Né en 1923, année de la proclamation de la jeune république turque, à Hemite (aujourd'hui Gökçedam), petit village de la Cilicie, l'enfant porte les prénoms de Kemal Sadık. La famille, qui adoptera le nom de Gökçeli avec l'introduction des noms de famille en Turquie moderne, est originaire de l'Est de l'Anatolie et a émigré en Cilicie pendant la 1re guerre mondiale. Deux événements importants marquent l'enfance de Kemal Sadık : l'assassinat de son père lorsqu'il a cinq ans et la perte accidentelle d'un œil. Il commence à écrire des poèmes dès l'école primaire. Ce goût précoce pour l'écriture est certainement annonciateur de sa future carrière. Par ailleurs, d'origine modeste et témoin privilégié d'injustices sociales dans son milieu, il épouse très tôt les idées de gauche, ce qui marquera aussi intensément son œuvre.

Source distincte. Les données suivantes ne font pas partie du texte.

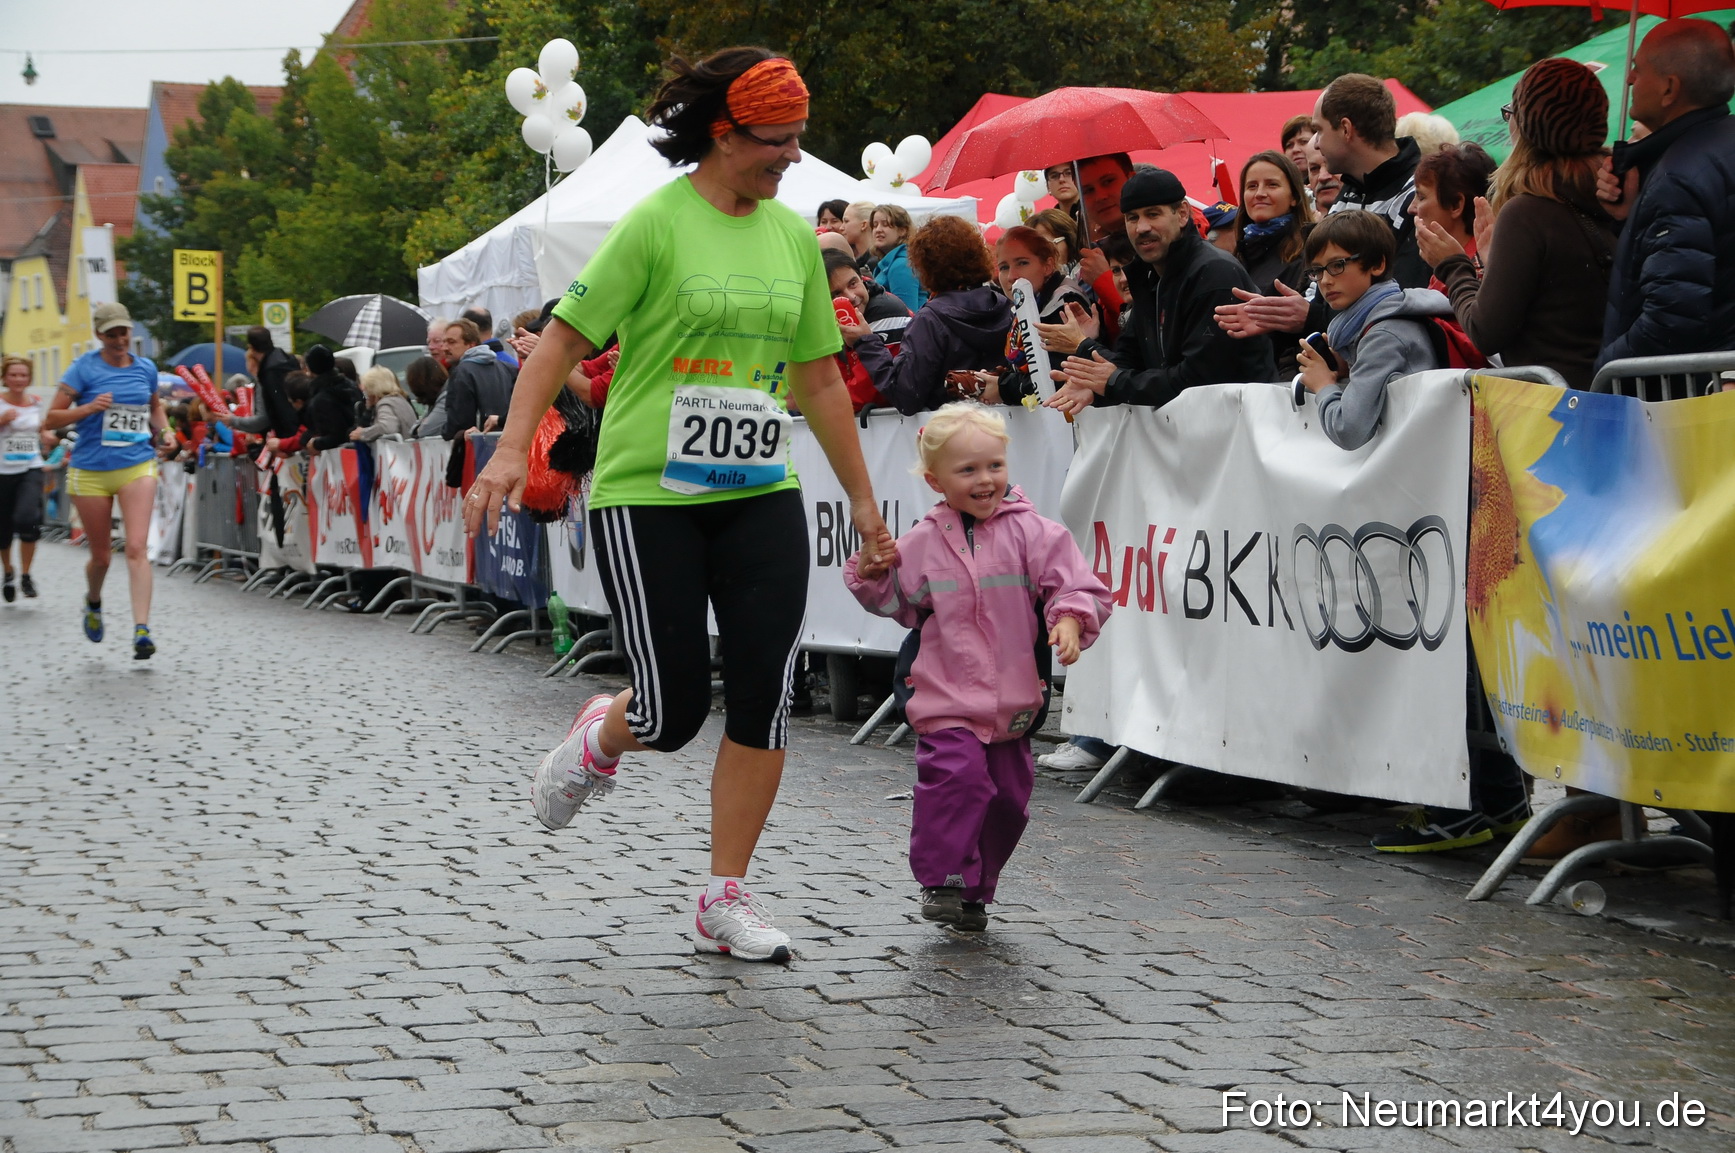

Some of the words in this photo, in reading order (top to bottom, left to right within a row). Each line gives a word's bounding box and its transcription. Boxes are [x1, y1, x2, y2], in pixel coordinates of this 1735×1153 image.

[180, 253, 217, 266] Block
[188, 272, 209, 305] B
[673, 357, 733, 377] MERZ
[675, 396, 716, 409] PARTL
[681, 414, 781, 460] 2039
[706, 469, 747, 485] Anita
[816, 500, 889, 568] BM
[1183, 529, 1296, 632] BKK

Après l'abandon de ses études qu'il n'arrive pas à poursuivre au delà du secondaire inférieur, il publie déjà en 1939 ses premiers poèmes, tout en faisant divers métiers pour gagner sa vie à Adana et dans sa région. Il s'intéresse aussi de très près aux contes folkloriques dont il éditera un premier recueil en 1943 et dans lesquels il puisera inspiration et références stylistiques. Son entrée dans le monde des récits date de 1944, année où il écrit sa première nouvelle.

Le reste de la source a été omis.